In the latest of a series of "Special Comments" attacking members of the Bush administration, MSNBC's Keith Olbermann used his Monday Countdown show to make an over-the-top demand for an apology from President Bush for his recent comments that it was "unacceptable to think" the actions of America could be compared to those of terrorists. As recounted by NewsBusters on Friday, Olbermann took an awkwardly worded, off-the-cuff remark by Bush at his Friday press conference, which was more likely intended to mean that it was "ridiculous to claim" a comparison between America and terrorists, and blew it out of proportion as if the comment were an attack on the right to think, and therefore a grave threat to democracy.

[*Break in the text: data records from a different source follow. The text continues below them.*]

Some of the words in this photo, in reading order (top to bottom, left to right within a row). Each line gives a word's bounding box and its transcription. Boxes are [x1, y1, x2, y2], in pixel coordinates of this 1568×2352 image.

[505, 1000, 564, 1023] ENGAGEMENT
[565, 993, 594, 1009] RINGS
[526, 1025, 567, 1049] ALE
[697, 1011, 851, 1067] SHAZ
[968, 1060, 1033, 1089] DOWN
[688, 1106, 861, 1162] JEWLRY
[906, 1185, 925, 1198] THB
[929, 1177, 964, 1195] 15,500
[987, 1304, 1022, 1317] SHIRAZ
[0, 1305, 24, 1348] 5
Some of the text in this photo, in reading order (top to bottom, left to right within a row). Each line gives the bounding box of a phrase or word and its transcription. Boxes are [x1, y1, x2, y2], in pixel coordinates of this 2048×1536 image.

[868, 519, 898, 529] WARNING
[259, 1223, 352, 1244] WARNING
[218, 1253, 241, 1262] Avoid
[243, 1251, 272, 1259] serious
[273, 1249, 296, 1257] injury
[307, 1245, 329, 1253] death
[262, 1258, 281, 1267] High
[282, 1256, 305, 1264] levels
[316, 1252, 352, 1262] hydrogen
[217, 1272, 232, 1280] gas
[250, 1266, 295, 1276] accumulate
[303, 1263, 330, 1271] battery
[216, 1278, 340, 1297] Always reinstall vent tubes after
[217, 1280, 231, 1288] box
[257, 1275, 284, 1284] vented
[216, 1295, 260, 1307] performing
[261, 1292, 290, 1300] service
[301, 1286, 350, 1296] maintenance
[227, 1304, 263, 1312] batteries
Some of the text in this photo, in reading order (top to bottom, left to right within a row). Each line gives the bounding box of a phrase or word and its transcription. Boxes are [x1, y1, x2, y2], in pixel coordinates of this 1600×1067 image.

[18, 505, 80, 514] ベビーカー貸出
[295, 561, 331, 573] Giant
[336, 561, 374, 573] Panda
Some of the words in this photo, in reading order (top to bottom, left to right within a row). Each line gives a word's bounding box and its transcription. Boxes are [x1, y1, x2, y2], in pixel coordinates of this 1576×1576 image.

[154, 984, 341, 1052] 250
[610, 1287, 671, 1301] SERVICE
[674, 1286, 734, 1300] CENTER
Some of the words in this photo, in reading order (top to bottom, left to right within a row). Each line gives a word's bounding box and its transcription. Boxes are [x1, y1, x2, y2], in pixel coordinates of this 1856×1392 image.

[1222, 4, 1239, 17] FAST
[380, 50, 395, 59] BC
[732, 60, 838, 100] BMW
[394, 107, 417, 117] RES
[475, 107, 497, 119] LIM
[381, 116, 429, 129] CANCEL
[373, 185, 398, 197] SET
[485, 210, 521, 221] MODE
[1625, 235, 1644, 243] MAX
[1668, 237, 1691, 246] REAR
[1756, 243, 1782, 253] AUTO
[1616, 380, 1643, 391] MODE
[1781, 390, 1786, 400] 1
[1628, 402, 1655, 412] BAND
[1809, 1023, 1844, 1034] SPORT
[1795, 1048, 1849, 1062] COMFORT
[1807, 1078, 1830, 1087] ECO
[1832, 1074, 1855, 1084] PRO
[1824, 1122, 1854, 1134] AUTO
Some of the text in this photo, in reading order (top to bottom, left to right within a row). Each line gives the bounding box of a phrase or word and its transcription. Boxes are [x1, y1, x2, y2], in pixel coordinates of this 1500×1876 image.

On Monday Olbermann chastized Bush for his "unrestrained fury" which the MSNBC host compared to that of a "thwarted three-year-old" who "demonizes dissent." Olbermann fretted about Bush taking America on a "fearful path," and worried about "what will next be done" with Bush's critics in the future. Harkening back to Senators Barry Goldwater and Hugh Scott meeting with former President Richard Nixon to convince him to resign, Olbermann suggested that Republicans similarly need to convince Bush to apologize. (Transcript follows)
Video clip of last two-thirds of Olbermann's eight-minute diatribe (4:45): Real (3 MB at 100 kbps) or Windows Media (3.6 MB at 81 kbps), plus MP3 audio (1.6 MB)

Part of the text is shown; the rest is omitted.